Employee of the Month for October: Mark Arnold

Employee of the Month for October: Mark Arnold

Wood carving of a dragon by Mark Arnold
Another of Mark’s interests is woodcarving. He’s been carving since high school and enjoys working with different types of wood. This photo depicts the progression of one of his most recent projects; a dragon carved from mahogany.

Mark Arnold, Library Systems Administrator/Support Specialist, is the MSU Libraries Employee of the Month! Mark has been a part of the University Libraries family since 1993. We talked with Mark recently in relation to this prestigious honor. Here’s what he had to say:

What originally attracted you to library work?

“I’ve been excited about libraries for as long as I can remember. When my mom wanted to encourage me to do something I really didn’t want to do, she would bribe me with the promise of a trip to the Topeka library. A bribe that was readily accepted. I never really gave much thought to working in a library, however, until the opportunity came along. Needless to say I jumped at that chance as well. Computers and books! What could be better?”

Is there a library resource you’d like to highlight? Something you think is underutilized?

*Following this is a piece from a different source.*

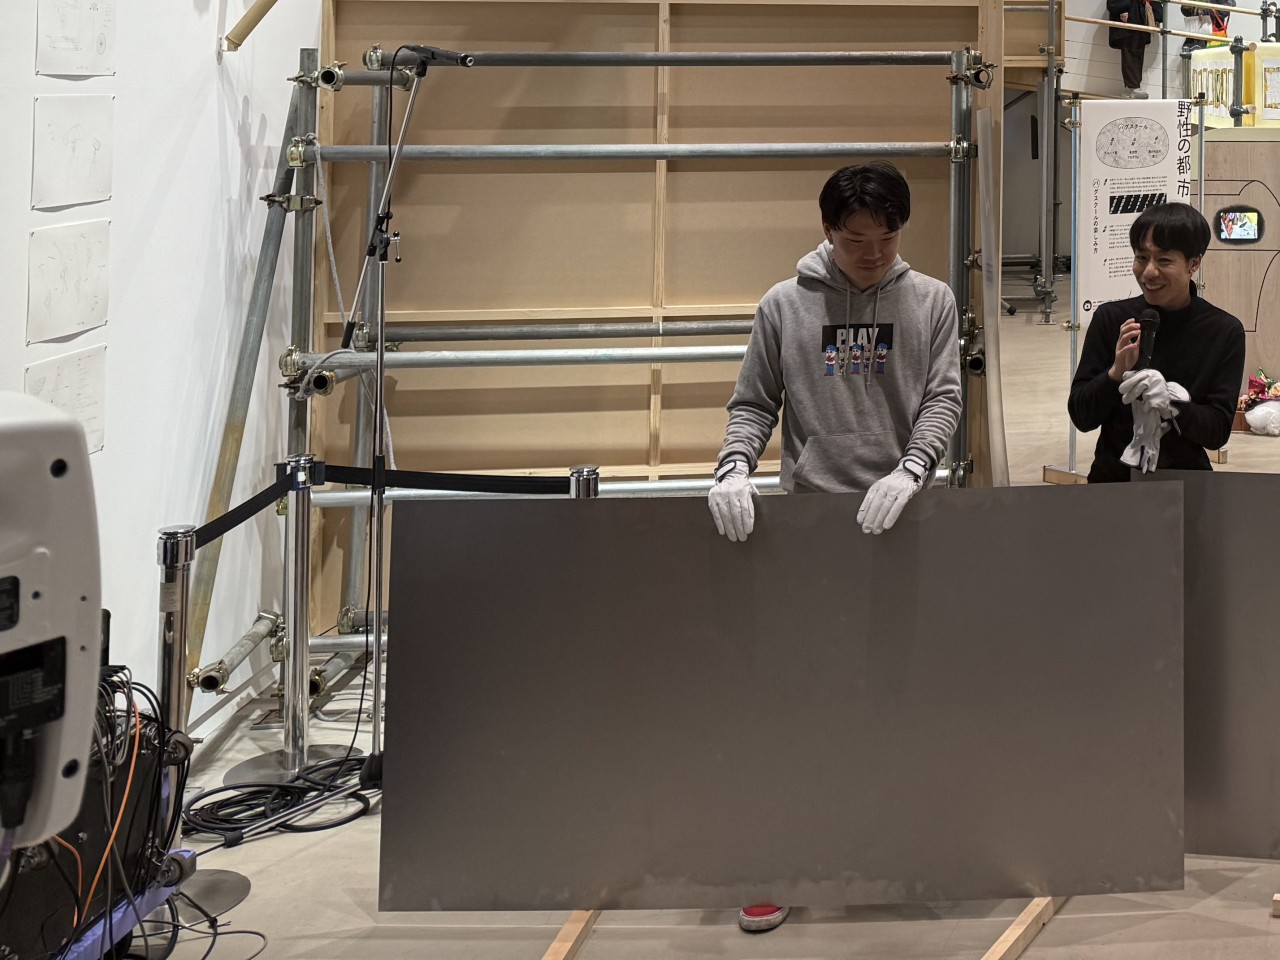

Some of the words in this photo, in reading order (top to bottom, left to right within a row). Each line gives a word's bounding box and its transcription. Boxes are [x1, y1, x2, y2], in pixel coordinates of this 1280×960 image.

[1176, 100, 1191, 198] 野性の都市
[836, 327, 879, 348] PLAY

“Considering the stats I’m looking at, I can’t really say the room booking system is an under-utilized resource, but it is one I’m particularly interested in. Developing the system has been challenging (in a good way–most of the time) and it is one way that I think my work directly connects me with the success of our students.”

What book, author, artist, music, movie, show, etc. are you into right now? (Persuade us to like it too (or tell us why we shouldn’t!))

“My reading taste tends to be somewhat eclectic. I recently finished reading Kory Stamper’s Word by Word: The Secret Life of Dictionaries. (If you haven’t read it yet, you should. Where else could you find that the words virulent, virus, weasel, ooze, and bison are all related? You’ll have to read the book to find out how.) I have three e-reading apps on my tablet. Currently one is splitting time between reading about Laravel (a PHP programming framework) and Angular (a Javascript framework). Another has Hans-Rudolf Wenk’s Minerals: Their Constitution and Origin open (a bit of a tough slog, but I’m a glutton for punishment). The third app I’ve been using to re-read a bunch of Luke Short novels that have recently been released as e-books. I’m also working my way through Brooks Blevins’ A History of the Ozarks, Volume 1: The Old Ozarks. This is another must read. And the maps are great, too. Not surprisingly since they were provided by Jim and Amy of our Maps and GIS unit.”